Reassurance-seeking (the loop)

"What if I'm sick?" "Will you come back?" "What if they laugh?" — repeated reassurance helps briefly, then the worry returns. Try:

  • Answer calmly once or twice
  • Validate the feeling, remind them of the plan
  • Then redirect to a coping tool

"I know your worry is asking again. We've checked the plan. You are safe. Let's use your breathing card now."

Thought challenging

Anxiety tells scary stories. Question them gently:

  • What is my worry saying?
  • Is this definitely true?
  • What else could happen?
  • Has this happened before? What helped last time?
  • What would I say to a friend?
  • What's one small step I can take?

Panic attacks — what to do

  • Stay calm; use a gentle voice
  • Move somewhere quieter if possible
  • Remind them it will pass
  • Encourage slow out-breaths without forcing
  • Use grounding
  • Offer water; reduce attention from others
  • Don't argue with the fear
  • Stay nearby if wanted; give time to recover

Helpful words:

"This feels scary, but it will pass."
"Your body is having a panic response."
"You are safe. I'm here with you.
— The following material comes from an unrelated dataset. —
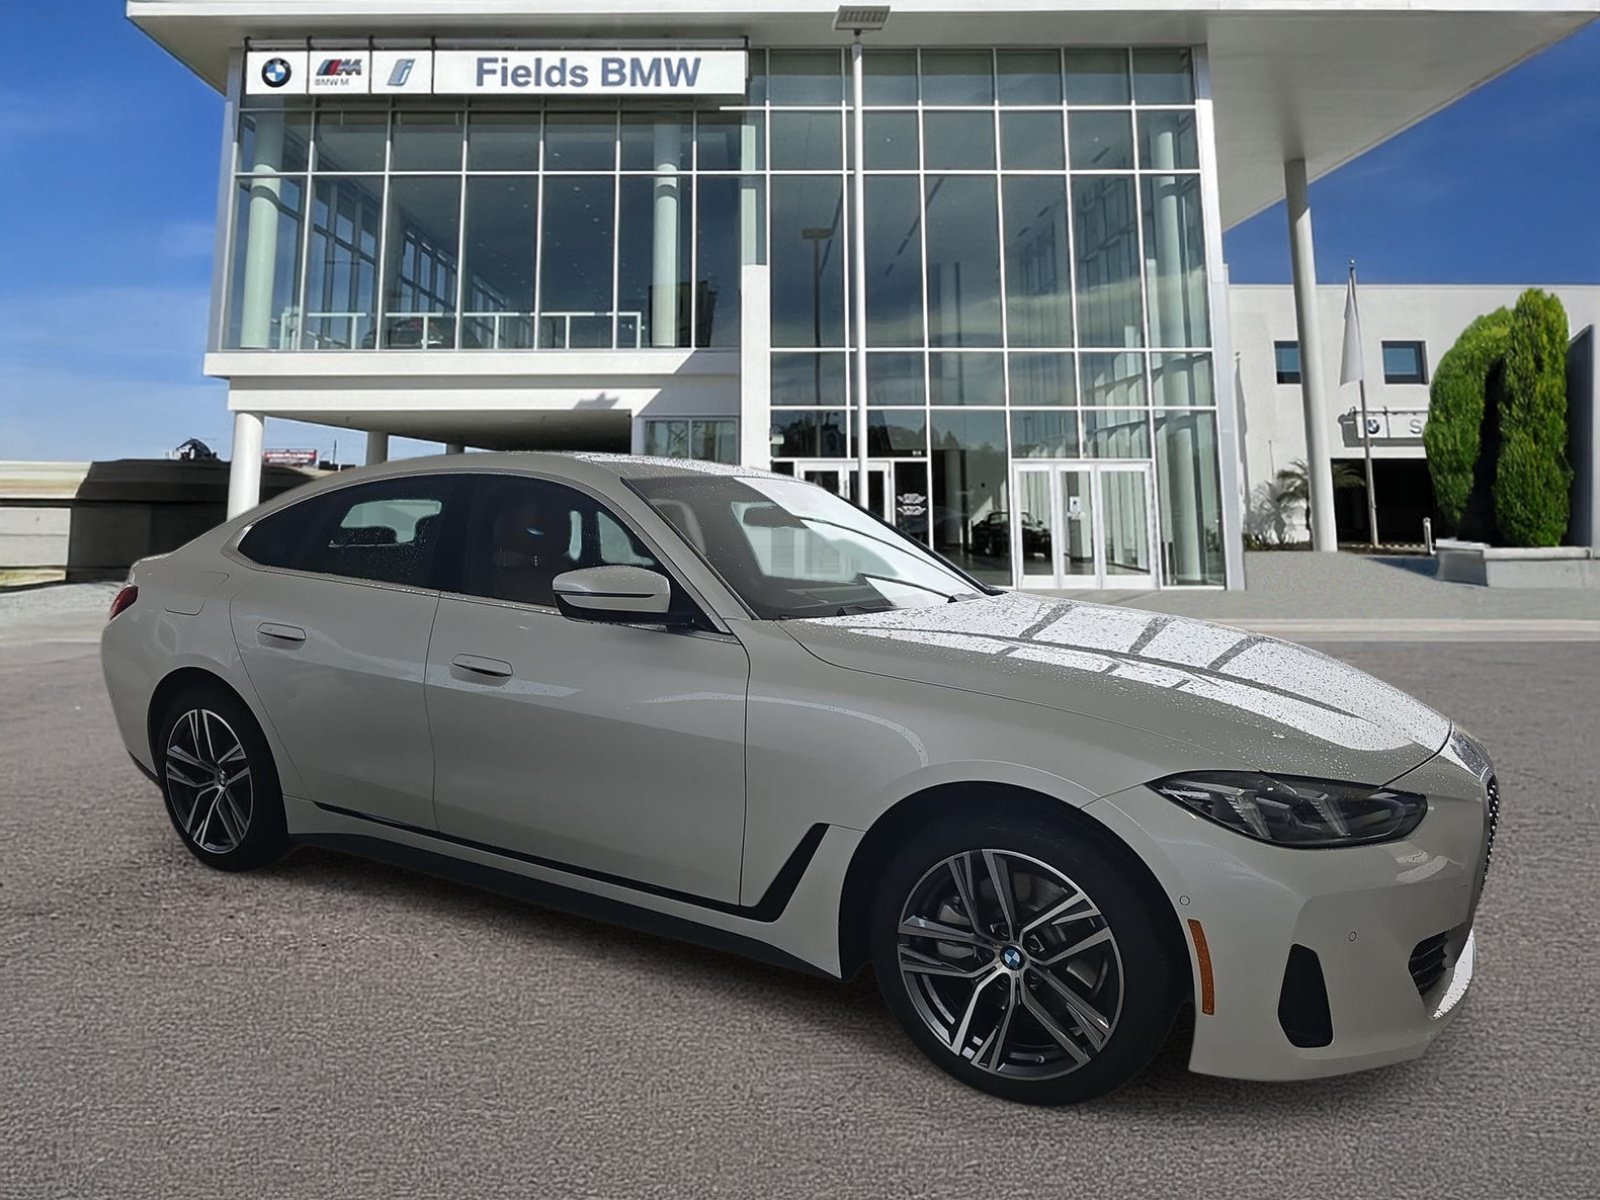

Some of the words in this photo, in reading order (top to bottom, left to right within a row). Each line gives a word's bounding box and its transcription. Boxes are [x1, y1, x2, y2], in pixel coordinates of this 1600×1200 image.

[476, 57, 589, 87] Fields
[601, 57, 702, 87] BMW
[314, 78, 339, 86] BMW
We don't need to rush."

Avoid: "Calm down", laughing, getting angry, telling them they're silly, forcing them to talk, crowding them, touching without consent, threatening consequences.

Language that helps

"Stop worrying" → "I can see this worry feels really big."
"There's nothing to be scared of" → "Your body feels scared, and I'm here to help."
"Just go in" → "Let's take one small step together."
"You're being dramatic" → "This feels hard for you right now."
"You're fine" → "You're safe, and this feeling will pass."
"Everyone else can do it" → "We're focusing on your next brave step."
"Calm down" → "Let's help your body feel safer."

Bravery doesn't mean not feeling scared. Bravery means taking a small step while your body feels worried.

Sleep, food and connection

  • Sleep: predictable routine, worry time earlier in the evening, write worries down, calm lighting, audio story, comfort object. Avoid big conversations at bedtime.
  • Food: offer safe foods, never force food during panic, keep breakfast simple. Speak to your GP if eating becomes restricted.
  • Connection: ten quiet minutes of one-to-one time — reading, drawing, walking, Lego — does more for a child's nervous system than any technique.